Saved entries
------------------------------------------------

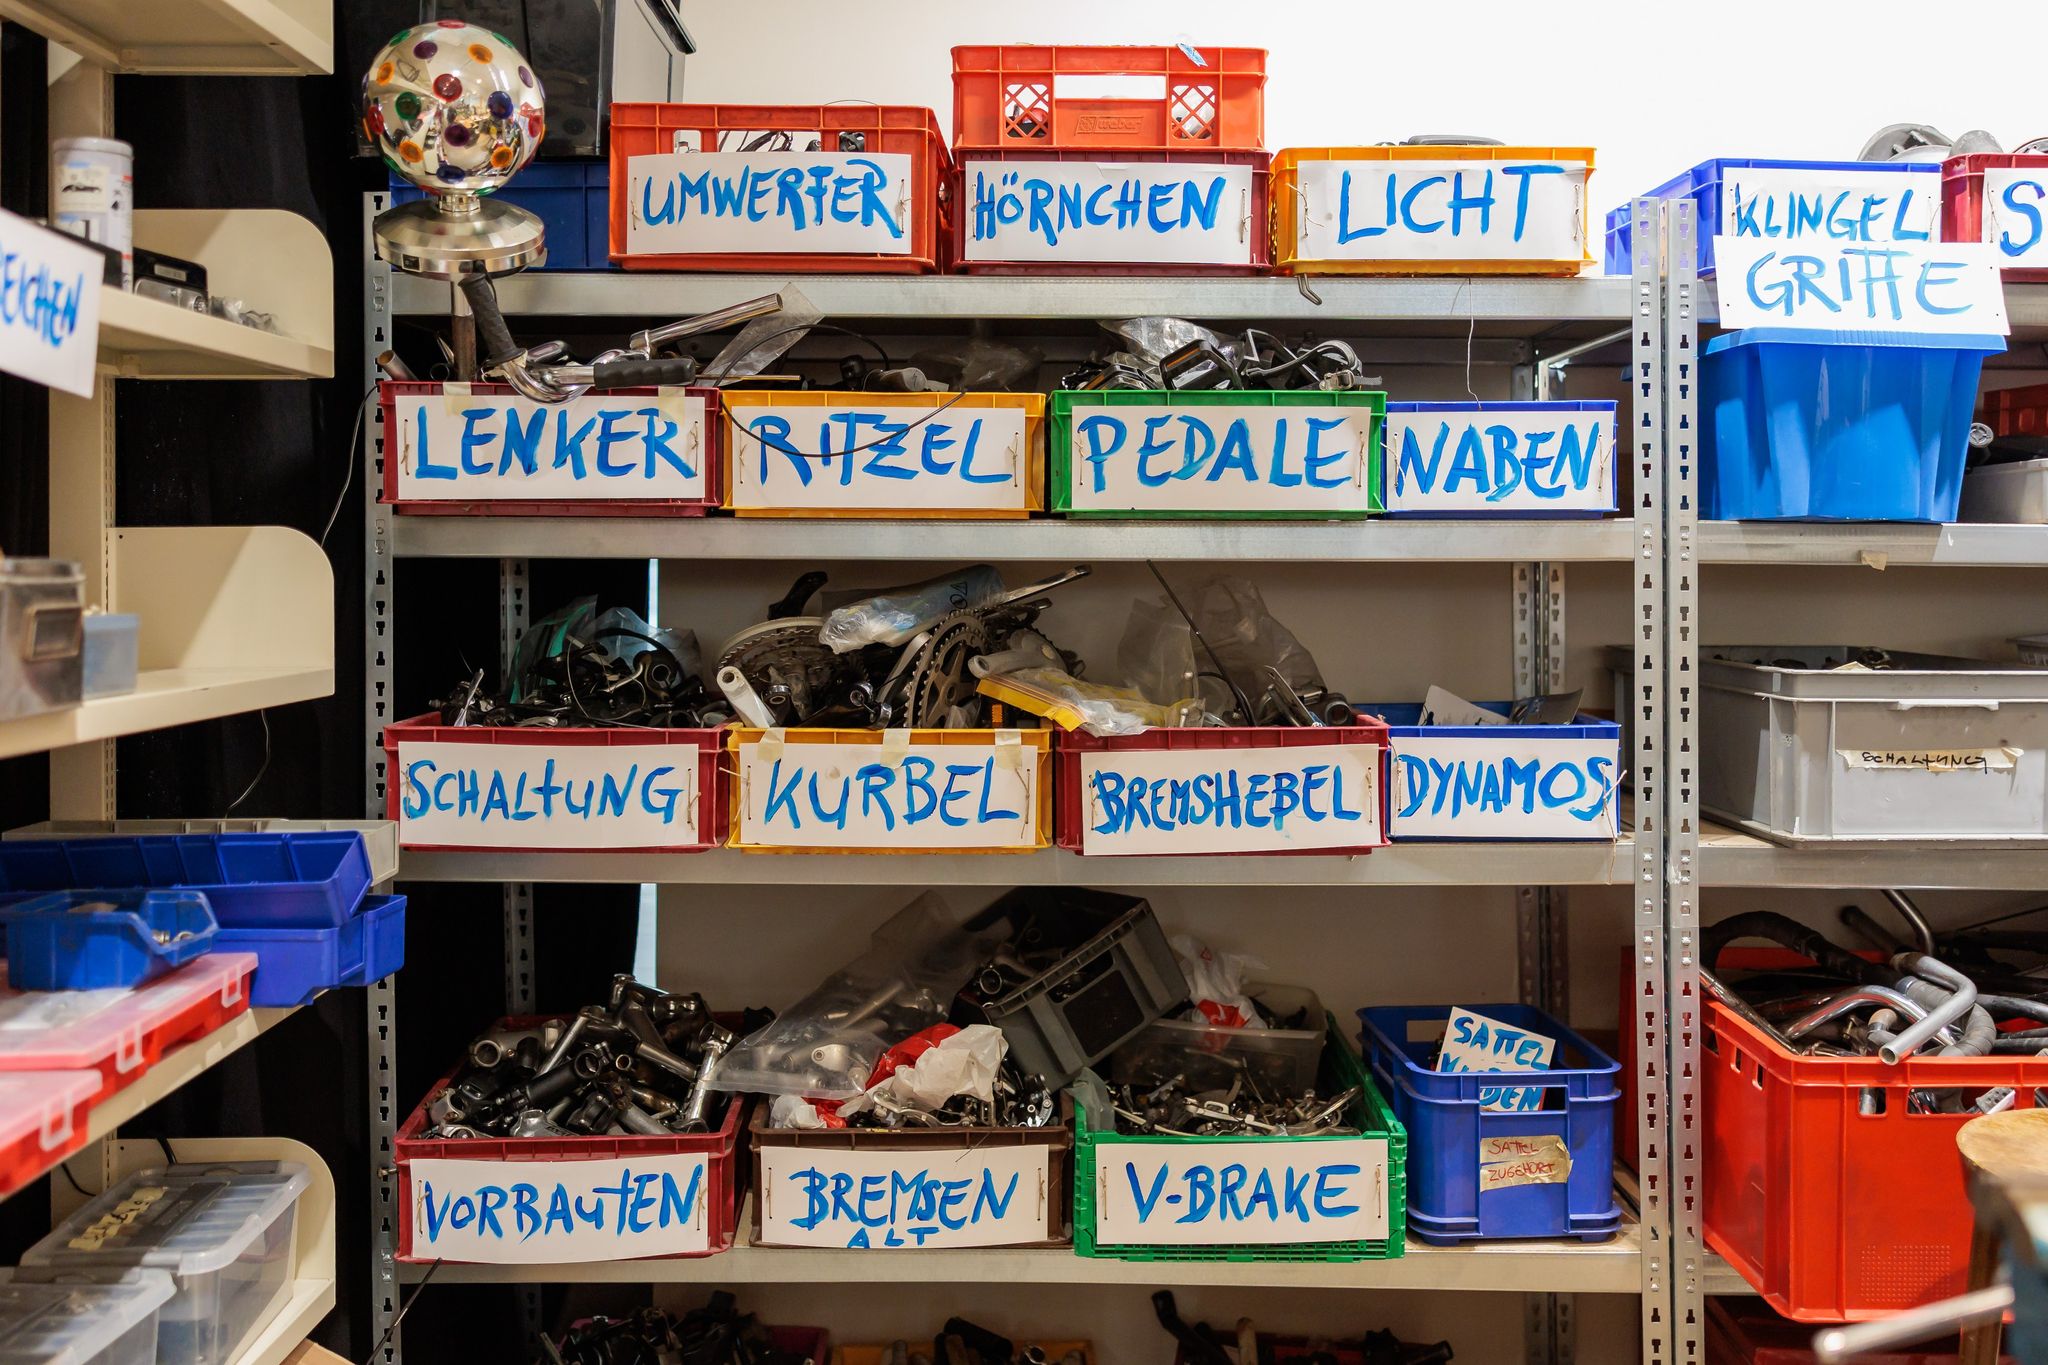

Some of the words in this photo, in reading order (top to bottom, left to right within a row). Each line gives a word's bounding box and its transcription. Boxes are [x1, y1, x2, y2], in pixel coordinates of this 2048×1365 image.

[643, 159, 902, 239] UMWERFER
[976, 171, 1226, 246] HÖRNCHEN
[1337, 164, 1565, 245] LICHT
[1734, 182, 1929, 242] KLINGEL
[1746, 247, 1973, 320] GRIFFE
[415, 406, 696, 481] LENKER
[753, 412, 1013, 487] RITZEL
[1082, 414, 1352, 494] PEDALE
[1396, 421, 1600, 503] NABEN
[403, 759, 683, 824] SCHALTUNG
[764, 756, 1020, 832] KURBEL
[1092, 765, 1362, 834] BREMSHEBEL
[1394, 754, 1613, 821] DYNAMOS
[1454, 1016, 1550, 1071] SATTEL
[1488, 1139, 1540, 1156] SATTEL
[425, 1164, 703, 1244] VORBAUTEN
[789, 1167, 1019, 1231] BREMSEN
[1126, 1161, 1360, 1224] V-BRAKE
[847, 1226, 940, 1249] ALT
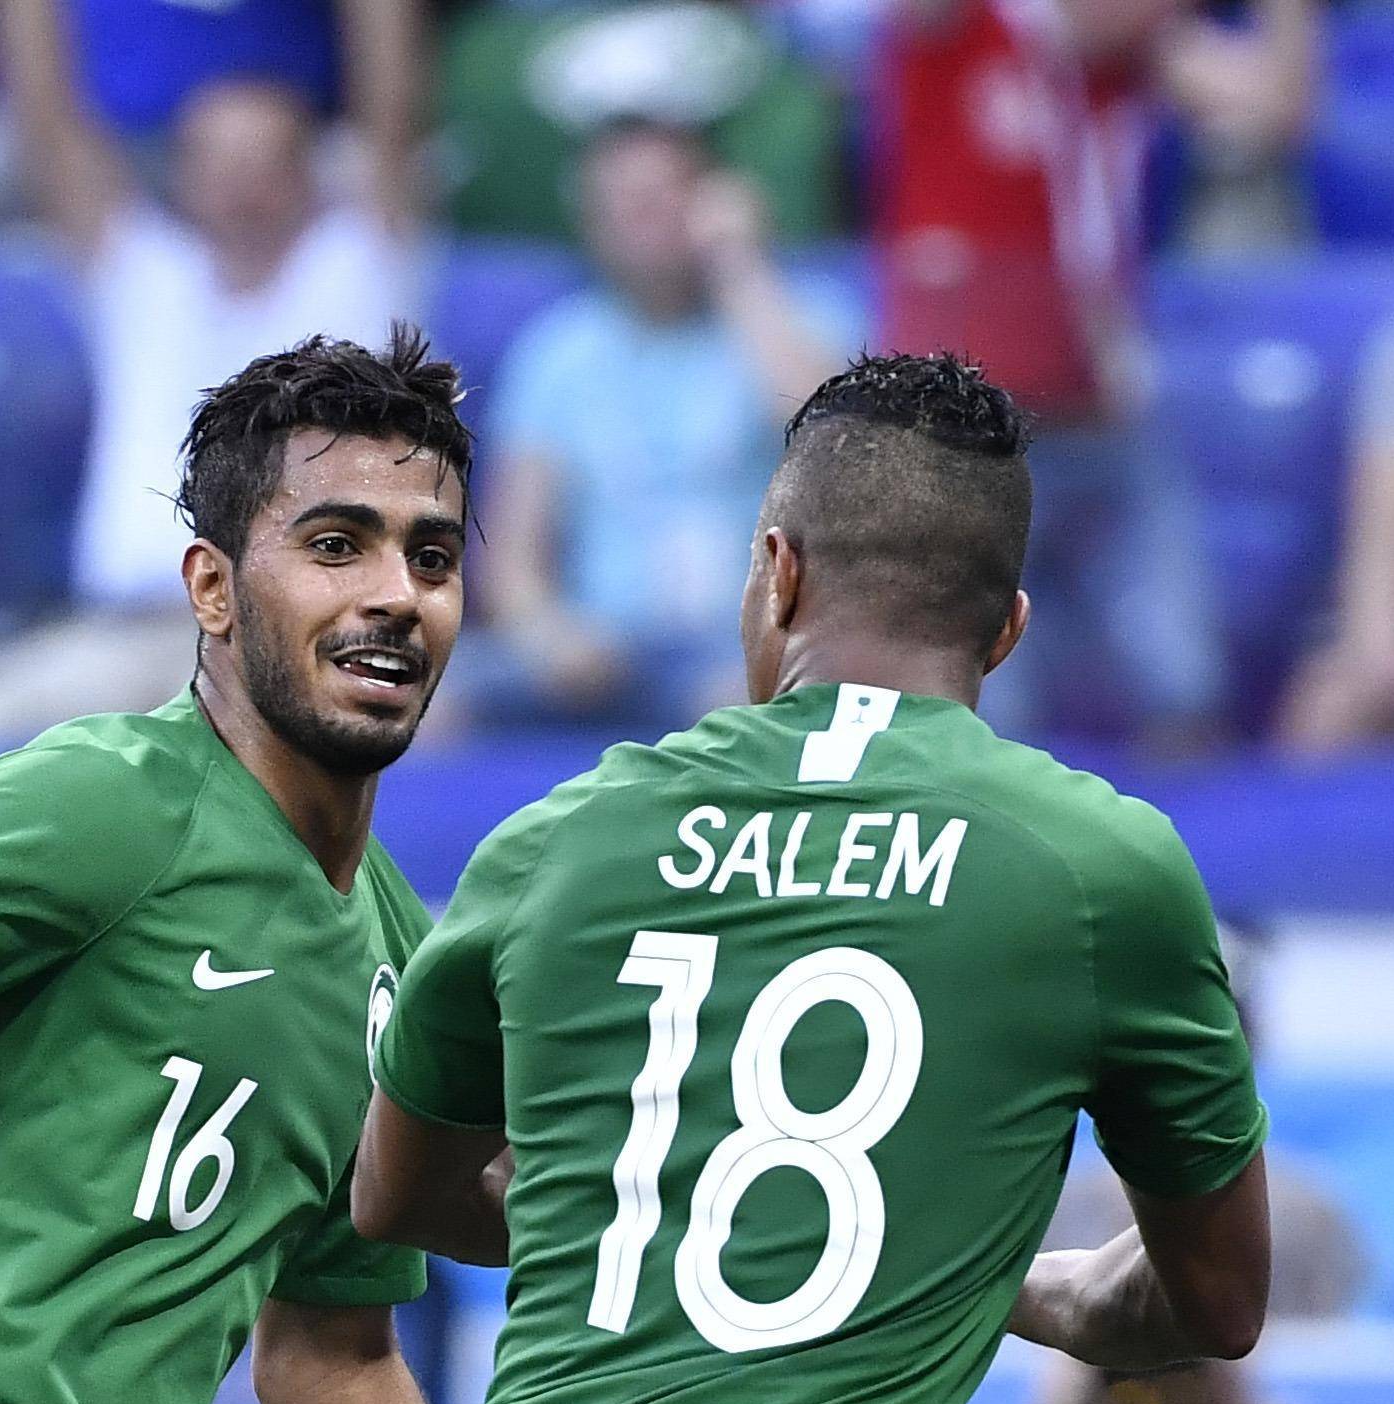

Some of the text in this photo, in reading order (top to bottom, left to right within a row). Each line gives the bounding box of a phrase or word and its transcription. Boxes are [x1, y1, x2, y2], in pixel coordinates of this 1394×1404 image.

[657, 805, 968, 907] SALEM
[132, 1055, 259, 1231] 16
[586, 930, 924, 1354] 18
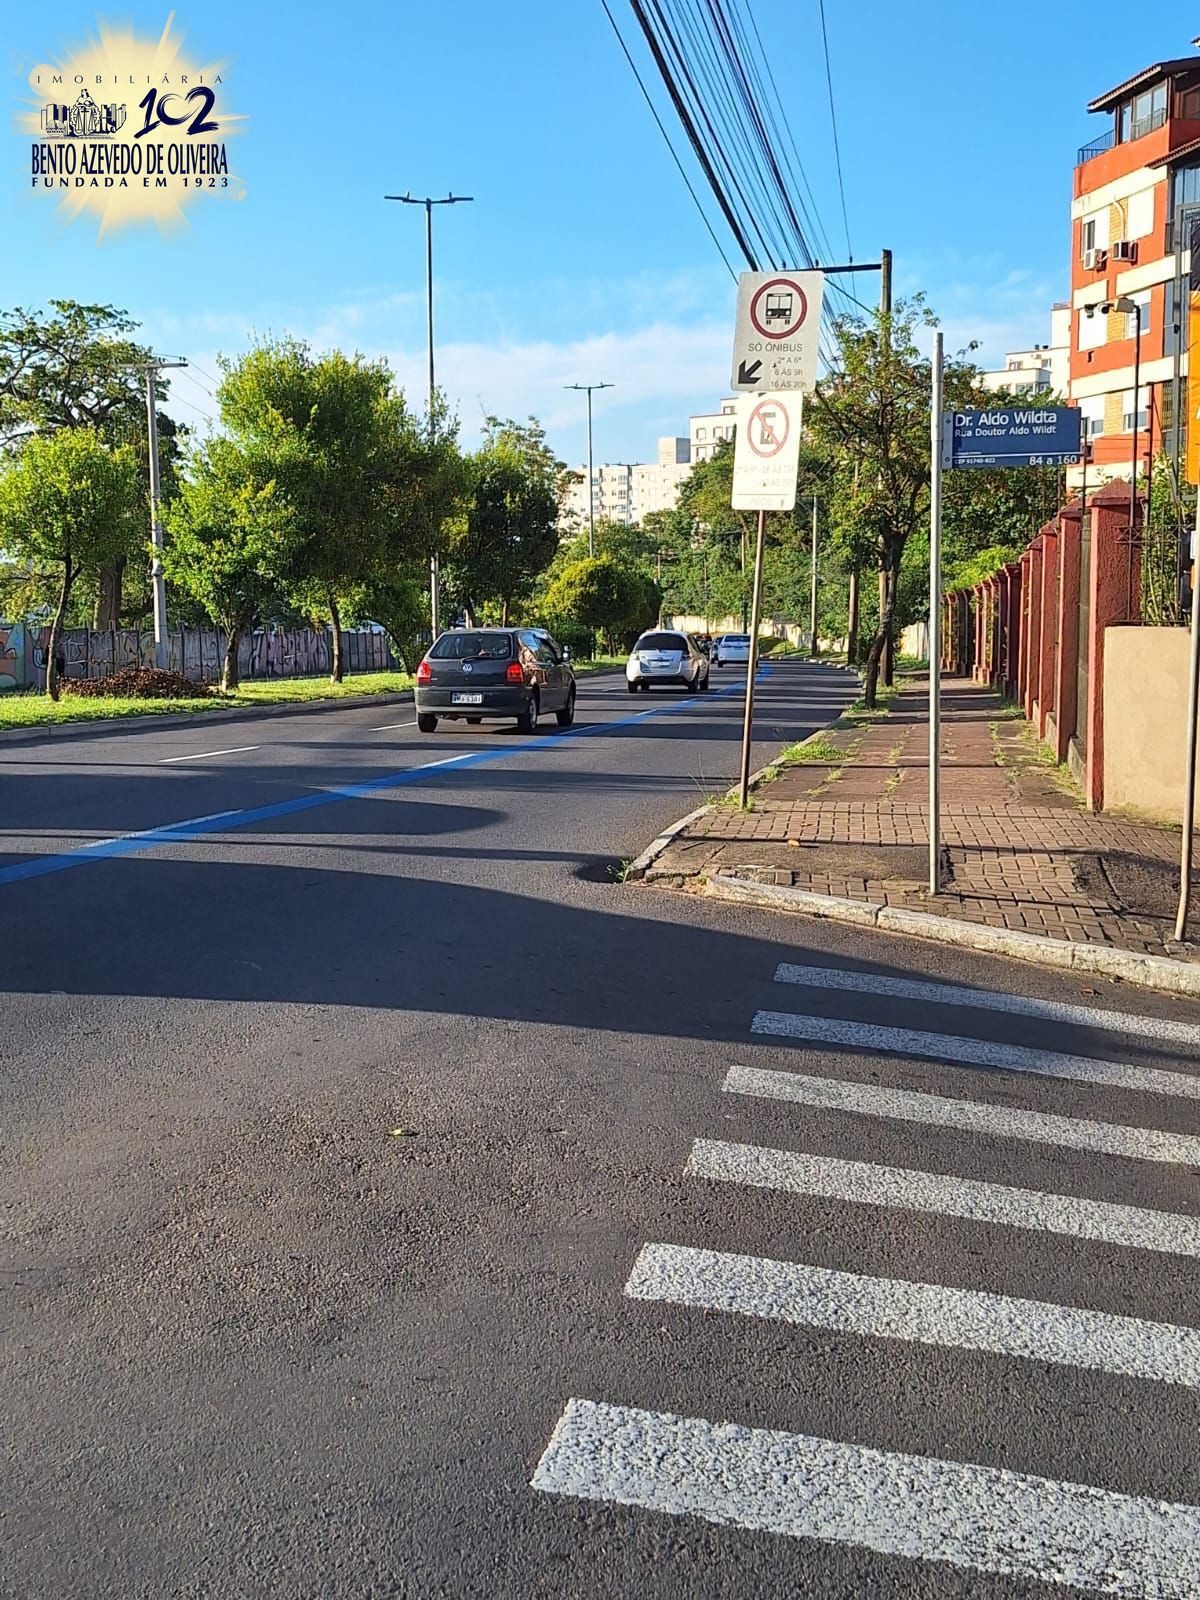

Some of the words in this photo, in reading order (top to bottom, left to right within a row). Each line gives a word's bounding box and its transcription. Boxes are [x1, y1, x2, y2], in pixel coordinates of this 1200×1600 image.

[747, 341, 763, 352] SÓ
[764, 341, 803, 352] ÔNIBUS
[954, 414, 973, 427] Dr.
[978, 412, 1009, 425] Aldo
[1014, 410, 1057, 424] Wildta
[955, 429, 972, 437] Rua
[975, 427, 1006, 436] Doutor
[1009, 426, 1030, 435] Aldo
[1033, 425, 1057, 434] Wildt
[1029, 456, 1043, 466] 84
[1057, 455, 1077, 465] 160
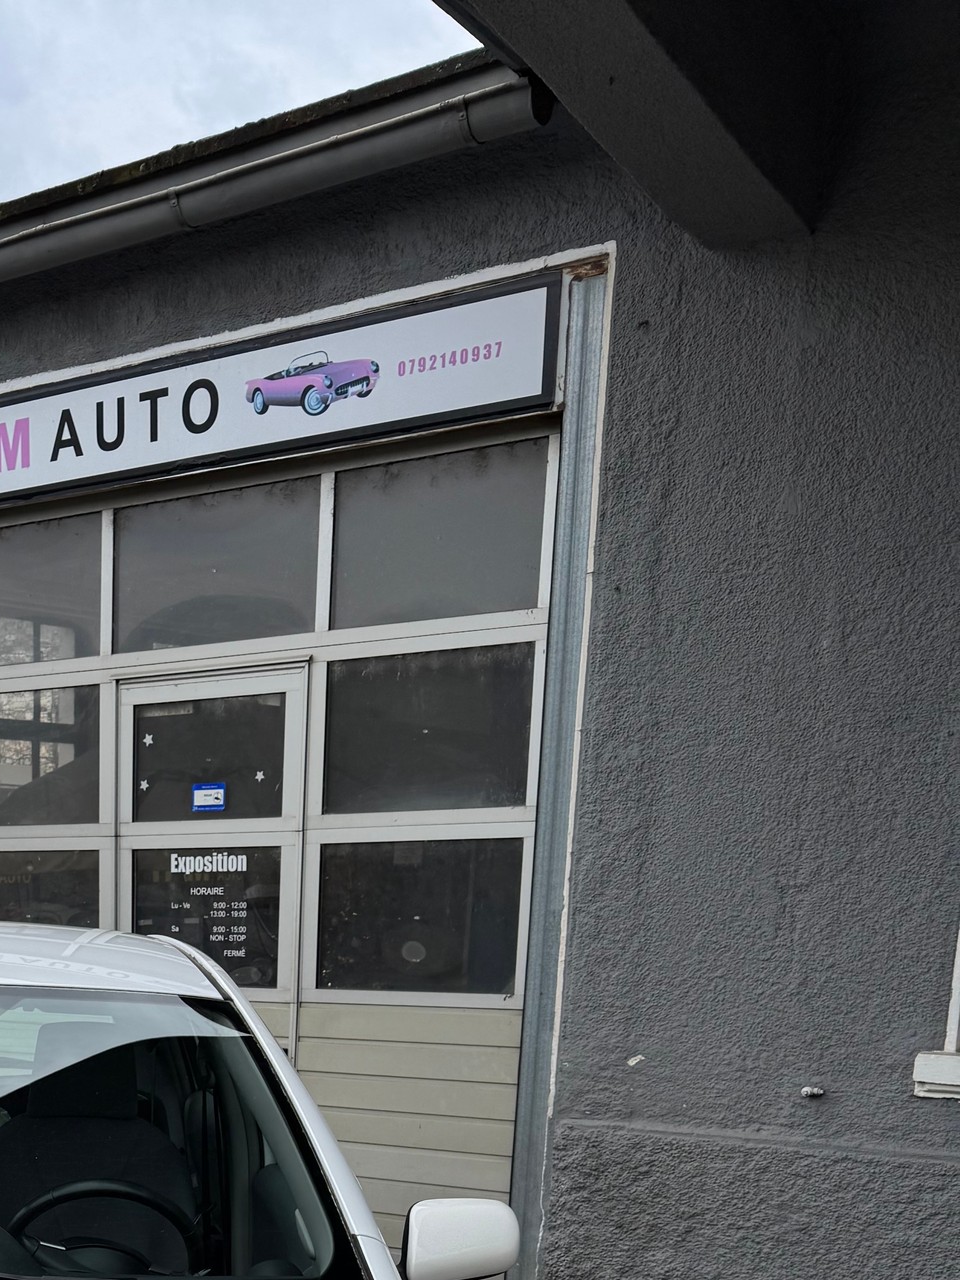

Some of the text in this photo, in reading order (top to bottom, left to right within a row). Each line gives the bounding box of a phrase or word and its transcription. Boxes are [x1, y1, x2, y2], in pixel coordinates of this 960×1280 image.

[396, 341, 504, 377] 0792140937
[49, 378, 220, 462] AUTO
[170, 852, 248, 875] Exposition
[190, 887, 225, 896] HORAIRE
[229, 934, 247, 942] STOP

------------------------------------------------

▶ REQUIREMENT:
Looking at the records above, please output exactly the lines that run from the one holding "this 960×1280 image." to the final line, and only those.

▶ TASK RESULT:
Some of the text in this photo, in reading order (top to bottom, left to right within a row). Each line gives the bounding box of a phrase or word and its transcription. Boxes are [x1, y1, x2, y2], in pixel coordinates of this 960×1280 image.

[396, 341, 504, 377] 0792140937
[49, 378, 220, 462] AUTO
[170, 852, 248, 875] Exposition
[190, 887, 225, 896] HORAIRE
[229, 934, 247, 942] STOP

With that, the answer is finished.